Esta gente desaparece toda à semana. Vão para as cidades universitárias tirar os desempregos dos futuros deles e delas. Enquanto o sábado dura, trocam mensagens telemóveis com os namorados e as namoradas, que a esta hora estão a aleijar-se do stum-stum deste mundo noutro sítio igual. Não há indivíduos. É uma espécie de lei. Uma espécie de música. As pessoas seguem a lei como se dançassem. Maratonam as vidas. Digo isto porque a minha foi assim. É a indução. Não tarda nada, estou a voar deste sítio e a imagidaraver sequências animadas pelo último mundo possível. Estou a querer dizer isto mesmo. Isto é, dizer mais do que apenas sábado à noite, toalhas amarelas, rapazes, raparigas, colunas, bar, ecrã, pais trancados em casa, bombeiros, pastelarias, campo da bola. E o que aconteceria se eu não quisesse permitir a este mundo a intolerabilidade dele. Isso é algo que já tenho praticado. Agora, hoje, preciso mais disso. Necessito com algum ardor de indivíduos, de filmes com som, de música a sério, de saudações para lá do formal e do formol. De modo que tenho de inventar tudo isso. Sou capaz disso. Já o fiz antes. Não há um método, não há uma receita. Mas há uma fervura, uma temperatura, um istmo, um ritmo, uma ardência, uma cadência – já começou.
Fotografias eidéticas, bioimagens borbulham já no caldeirão craniano. Nem todas prestam. Algumas impor-se-ão. Destacar-se-ão como aparições, revelações de fotografias. Devirão, então, palavras, linhas, capítulos. Numa massa não desprovida de esplendor, baterão asas e hão-de servir-se de todos os truques mais sujos e de todos os pensos mais assépticos para chegar aonde pretendem.
A mim não deve ser, mas, se for, que o seja. Quero assistir. Ainda aqui estou, stum, pronto, stum.
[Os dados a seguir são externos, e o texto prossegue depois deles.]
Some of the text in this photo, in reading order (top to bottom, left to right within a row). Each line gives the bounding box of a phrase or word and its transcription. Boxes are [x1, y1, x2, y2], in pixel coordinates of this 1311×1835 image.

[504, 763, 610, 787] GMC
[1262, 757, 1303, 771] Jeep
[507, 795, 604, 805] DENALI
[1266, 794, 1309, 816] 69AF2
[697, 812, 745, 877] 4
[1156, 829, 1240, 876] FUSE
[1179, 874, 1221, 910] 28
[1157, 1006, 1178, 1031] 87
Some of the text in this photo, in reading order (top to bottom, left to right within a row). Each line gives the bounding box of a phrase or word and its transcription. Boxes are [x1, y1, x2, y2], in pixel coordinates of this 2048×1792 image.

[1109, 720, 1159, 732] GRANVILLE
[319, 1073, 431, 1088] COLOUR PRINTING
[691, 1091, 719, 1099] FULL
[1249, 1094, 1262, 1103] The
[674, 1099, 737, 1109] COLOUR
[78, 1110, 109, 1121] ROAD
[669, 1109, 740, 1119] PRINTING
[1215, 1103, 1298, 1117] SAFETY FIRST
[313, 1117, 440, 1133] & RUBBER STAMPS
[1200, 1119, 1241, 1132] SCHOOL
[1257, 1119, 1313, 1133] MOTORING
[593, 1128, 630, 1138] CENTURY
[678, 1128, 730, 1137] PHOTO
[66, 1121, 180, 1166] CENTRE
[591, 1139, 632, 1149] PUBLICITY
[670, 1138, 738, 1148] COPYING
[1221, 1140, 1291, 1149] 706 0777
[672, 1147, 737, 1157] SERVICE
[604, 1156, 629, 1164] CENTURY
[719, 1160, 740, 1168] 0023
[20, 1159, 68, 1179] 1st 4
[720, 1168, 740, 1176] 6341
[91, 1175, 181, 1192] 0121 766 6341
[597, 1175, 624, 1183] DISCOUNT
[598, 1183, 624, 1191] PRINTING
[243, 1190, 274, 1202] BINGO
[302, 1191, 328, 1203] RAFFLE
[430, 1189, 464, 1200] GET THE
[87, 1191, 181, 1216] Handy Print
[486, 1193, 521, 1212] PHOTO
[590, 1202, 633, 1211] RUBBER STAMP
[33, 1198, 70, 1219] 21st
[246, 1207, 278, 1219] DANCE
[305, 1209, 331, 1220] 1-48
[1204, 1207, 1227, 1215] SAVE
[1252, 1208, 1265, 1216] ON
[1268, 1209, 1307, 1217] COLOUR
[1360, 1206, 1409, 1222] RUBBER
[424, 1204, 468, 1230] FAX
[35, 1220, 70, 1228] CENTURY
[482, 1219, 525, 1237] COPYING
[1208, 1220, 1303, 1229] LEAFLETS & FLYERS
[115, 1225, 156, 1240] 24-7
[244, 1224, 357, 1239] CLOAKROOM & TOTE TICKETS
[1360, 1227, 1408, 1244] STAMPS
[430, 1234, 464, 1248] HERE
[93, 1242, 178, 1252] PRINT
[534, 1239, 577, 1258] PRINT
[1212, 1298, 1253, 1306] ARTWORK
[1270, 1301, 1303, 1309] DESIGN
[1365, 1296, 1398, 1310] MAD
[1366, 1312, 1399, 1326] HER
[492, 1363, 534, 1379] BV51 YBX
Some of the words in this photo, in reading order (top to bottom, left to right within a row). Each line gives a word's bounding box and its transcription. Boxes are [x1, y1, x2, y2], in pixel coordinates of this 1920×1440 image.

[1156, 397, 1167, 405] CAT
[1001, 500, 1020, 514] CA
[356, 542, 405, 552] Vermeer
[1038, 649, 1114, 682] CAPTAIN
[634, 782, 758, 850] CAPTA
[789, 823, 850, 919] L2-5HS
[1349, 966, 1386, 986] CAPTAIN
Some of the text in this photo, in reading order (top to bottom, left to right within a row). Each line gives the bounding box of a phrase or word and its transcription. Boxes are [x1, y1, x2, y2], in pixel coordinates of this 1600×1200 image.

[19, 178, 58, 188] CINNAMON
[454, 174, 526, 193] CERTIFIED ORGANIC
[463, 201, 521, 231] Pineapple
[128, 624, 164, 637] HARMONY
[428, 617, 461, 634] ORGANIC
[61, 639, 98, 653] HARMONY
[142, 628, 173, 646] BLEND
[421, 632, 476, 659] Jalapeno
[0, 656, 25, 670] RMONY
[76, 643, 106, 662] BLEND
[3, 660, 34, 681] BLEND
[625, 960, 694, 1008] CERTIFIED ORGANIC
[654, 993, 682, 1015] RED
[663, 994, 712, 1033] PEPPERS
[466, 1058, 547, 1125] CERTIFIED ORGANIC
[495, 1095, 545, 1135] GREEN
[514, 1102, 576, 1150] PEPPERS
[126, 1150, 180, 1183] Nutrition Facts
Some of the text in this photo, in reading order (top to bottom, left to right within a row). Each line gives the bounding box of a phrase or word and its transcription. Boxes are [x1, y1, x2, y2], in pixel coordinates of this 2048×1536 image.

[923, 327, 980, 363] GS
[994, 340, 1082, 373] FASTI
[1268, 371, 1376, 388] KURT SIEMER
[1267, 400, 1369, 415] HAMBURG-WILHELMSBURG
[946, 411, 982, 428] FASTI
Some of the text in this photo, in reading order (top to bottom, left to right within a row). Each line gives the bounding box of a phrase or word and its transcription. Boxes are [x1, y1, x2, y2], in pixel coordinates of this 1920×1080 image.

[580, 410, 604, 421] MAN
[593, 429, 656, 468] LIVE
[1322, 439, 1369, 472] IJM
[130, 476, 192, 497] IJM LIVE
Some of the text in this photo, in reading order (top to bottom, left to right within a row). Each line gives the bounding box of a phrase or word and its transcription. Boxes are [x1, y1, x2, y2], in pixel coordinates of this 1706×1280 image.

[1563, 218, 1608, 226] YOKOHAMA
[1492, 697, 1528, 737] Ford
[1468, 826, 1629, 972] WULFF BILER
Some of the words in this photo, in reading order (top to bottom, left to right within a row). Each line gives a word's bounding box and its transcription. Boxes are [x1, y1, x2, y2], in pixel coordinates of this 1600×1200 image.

Tondela, noite de 17 de Dezembro de 2005

2 comentários:

Anónimo disse...

Claro que és capaz disso e de muito mais. Quem escreve assim, só pode ser muito capaz. Fiquei com uma dúvida: o que queres dizer com "imagidarave"? Está belo, como sempre. Li por aqui que és triste no que escreves. Não concordo. És arrepiantemente sensível no que escreves. Eu sorrio sempre.

Daniel Abrunheiro disse...

"imagidaraver" - imaginar e dar a ver.
quanto à questão da tristeza, bem, há que lê-la: isto é, respirá-la como resultado da confrontação do mundo (a que, por absurdo, chamamos real) com a escrita.